In other words, I think that the "slice" concept is being over-hyped. It sounds great in principle, but it's being driven by the same core-network folk who've been trying to sell "differentiated QoS" in mobile for 15+ years. It took 7+ years to even get zero value-add VoLTE phone calls to work well on 4G with QoS, when that service had been specced and defined to within an inch of its life by committee. The convenient IoT/NFV/5G developer SDK and corresponding QoSPaaS isn't appearing any time soon.



That said, I'm sure that there will be some basic forms of network-slicing that appear - perhaps for the public-safety networks that are moving to 4G/5G whether it's truly ready or not. But the vision of 10, 100 or 1000 differentiated 5G slices all working as a nicely-oiled and orchestrated machine is for the birds.


Instead, I think the right metaphor is hacking not slicing. I don't mean hack in the malware/blackhat-in-a-basement sense, but in terms of taking one bit of technology and tuning/customising it and creating derivatives to serve specific purposes.


We already see this with 4G. There's a mainstream version of LTE (and LTE-A and enhancements), but there's also PS-LTE for public safety, NB-IoT for low-end IoT, and LTE-U/LAA/MuLTEfire for unlicensed spectrum. Those are essentially "hacks" - they're quite different in important ways.


They benefit from the LTE mother-spec's scale effects and maturity - and probably would not have evolved as standalone concepts without it. In a way, the original railway GSM-R version of GSM was a similar hack.



I think 5G will need something similar. As well as the so-called "New Radio", there is also work being down on a nextgen core - but there may well also have to be spin-off variants and hacks as well. This could allows the mainstream technology to avoid some possibly-intractable compromises, and could also be a way to bring in vertical specialists that currently think the mobile industry doesn't "get" their requirements - as per my recent post that telecoms can't just be left to the telcos (link). 

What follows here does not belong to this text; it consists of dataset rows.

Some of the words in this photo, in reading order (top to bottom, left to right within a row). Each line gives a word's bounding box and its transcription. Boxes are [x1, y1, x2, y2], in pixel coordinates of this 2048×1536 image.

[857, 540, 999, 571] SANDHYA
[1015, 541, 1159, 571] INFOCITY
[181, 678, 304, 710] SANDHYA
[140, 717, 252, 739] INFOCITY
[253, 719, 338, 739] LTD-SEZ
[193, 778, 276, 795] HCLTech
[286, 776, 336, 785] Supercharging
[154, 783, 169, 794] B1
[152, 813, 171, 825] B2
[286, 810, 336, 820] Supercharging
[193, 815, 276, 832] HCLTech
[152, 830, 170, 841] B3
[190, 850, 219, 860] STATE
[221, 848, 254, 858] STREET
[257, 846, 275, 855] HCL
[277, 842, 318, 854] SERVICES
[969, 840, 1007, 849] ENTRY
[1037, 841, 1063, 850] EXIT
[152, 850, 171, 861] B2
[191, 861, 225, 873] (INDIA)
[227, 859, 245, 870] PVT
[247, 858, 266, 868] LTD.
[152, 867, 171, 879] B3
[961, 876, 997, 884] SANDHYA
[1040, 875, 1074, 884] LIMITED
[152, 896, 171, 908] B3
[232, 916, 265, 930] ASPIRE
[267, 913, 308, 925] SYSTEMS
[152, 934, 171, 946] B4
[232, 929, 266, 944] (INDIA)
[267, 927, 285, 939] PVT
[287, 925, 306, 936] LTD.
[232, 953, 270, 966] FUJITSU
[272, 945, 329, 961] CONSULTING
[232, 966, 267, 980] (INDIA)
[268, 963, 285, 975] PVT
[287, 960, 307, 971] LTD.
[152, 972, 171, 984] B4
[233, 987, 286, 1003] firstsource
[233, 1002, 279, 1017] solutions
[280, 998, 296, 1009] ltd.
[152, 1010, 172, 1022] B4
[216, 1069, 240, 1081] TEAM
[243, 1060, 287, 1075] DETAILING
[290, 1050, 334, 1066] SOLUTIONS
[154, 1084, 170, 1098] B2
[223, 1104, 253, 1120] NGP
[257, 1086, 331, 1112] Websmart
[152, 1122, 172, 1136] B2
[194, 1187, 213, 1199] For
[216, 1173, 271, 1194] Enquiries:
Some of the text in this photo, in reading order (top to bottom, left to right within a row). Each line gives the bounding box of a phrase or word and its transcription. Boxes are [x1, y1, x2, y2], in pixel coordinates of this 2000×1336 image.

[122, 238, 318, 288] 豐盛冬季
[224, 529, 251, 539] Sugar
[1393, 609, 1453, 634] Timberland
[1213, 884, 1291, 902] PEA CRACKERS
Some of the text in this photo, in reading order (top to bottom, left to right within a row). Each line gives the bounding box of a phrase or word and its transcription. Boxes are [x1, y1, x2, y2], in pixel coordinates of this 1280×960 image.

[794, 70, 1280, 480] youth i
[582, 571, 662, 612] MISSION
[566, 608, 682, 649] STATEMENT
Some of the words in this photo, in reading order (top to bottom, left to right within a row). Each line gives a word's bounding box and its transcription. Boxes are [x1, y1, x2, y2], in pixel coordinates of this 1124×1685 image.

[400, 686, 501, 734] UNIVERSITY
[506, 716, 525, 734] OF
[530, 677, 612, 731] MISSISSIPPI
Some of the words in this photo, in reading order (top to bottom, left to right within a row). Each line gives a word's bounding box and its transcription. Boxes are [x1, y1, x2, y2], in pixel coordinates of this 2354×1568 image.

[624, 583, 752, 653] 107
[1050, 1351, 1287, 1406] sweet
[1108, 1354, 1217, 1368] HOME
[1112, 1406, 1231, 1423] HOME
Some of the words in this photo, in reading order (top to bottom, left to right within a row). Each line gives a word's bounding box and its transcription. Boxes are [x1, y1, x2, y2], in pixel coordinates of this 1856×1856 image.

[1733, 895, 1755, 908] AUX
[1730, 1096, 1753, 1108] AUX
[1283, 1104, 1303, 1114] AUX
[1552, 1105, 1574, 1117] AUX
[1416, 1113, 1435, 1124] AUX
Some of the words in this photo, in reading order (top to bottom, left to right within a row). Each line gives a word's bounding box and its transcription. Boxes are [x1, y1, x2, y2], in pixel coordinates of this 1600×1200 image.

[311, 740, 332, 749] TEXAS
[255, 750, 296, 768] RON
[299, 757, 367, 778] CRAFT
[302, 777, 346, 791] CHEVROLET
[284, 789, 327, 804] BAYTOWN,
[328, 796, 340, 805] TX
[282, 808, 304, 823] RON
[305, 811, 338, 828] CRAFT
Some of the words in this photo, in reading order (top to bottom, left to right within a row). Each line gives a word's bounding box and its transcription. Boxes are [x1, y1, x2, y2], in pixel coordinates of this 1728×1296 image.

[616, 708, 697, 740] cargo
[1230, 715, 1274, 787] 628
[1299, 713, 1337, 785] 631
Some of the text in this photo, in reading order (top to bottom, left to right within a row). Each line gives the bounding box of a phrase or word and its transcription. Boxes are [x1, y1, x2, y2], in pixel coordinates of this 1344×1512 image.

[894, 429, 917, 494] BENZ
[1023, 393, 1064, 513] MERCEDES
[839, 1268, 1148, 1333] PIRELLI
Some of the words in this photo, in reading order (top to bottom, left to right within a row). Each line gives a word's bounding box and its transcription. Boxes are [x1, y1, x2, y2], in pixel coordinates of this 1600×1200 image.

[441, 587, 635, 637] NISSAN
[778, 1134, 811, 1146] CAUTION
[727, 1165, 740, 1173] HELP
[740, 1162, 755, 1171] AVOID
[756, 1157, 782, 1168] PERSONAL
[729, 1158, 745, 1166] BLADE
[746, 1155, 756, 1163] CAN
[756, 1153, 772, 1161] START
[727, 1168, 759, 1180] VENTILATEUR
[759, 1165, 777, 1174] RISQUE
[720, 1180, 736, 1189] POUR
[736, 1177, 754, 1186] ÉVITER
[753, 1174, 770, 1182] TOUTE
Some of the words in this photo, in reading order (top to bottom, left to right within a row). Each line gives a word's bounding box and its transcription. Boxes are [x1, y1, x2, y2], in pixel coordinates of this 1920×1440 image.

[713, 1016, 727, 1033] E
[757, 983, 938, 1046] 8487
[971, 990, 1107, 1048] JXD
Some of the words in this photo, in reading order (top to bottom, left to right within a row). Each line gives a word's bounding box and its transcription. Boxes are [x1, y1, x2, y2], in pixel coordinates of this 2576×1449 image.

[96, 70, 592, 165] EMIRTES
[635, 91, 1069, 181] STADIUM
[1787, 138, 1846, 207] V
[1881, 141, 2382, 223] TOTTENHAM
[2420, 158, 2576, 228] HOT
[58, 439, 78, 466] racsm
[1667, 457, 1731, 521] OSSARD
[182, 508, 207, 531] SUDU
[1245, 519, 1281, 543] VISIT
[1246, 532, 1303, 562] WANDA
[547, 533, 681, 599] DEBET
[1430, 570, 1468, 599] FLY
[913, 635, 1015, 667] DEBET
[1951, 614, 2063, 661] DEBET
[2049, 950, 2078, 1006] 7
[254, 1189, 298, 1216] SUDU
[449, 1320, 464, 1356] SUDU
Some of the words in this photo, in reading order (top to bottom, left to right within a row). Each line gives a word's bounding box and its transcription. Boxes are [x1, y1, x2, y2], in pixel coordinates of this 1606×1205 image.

As usual, the biggest risk to the mobile industry is strategic over-reach. If it persists in trying to define 5G as an all-encompassing monolithic architecture, with the hope of replacing all fixed and private networks, it will fail.


The risk is that if it tries to create a jack-of-all-trades, it will likely end up as master-of-none. 5G has huge potential - but also needs a dose of pragmatism, given that it is running alongside a variety of adjacent technologies that look like potential disruptors.


Ignore the sneers that SigFox is just 2016-era WiMAX and look at the ever-present use of 3rd-party WiFi as a signpost - and the emergence of WiGig. Look too at the threat that SD-WAN is having against MPLS and NFV-powered NaaS in fixed-line enterprise networks (link) - an illustration of the power of software in subverting telco-standardised business models. This time around, non-3GPP wireless is "serious" - especially where it leans on IEEE and ethernet.


In its fullest version, the "slice" concept is far too grandiose and classically 1990s-era telco-esque. Hacking is much more Internet/IETF-style "rough consensus and running code". It will win.


A forthcoming report on the Roadmap for 5G will be published as part of STL Partners' research stream on the Future of the Network soon. Please contact STL or myself (information AT disruptive-analysis DOT com) for more details, or for inquiries about custom advisory work and speaking engagements on 5G, NFV, LPWAN and related themes.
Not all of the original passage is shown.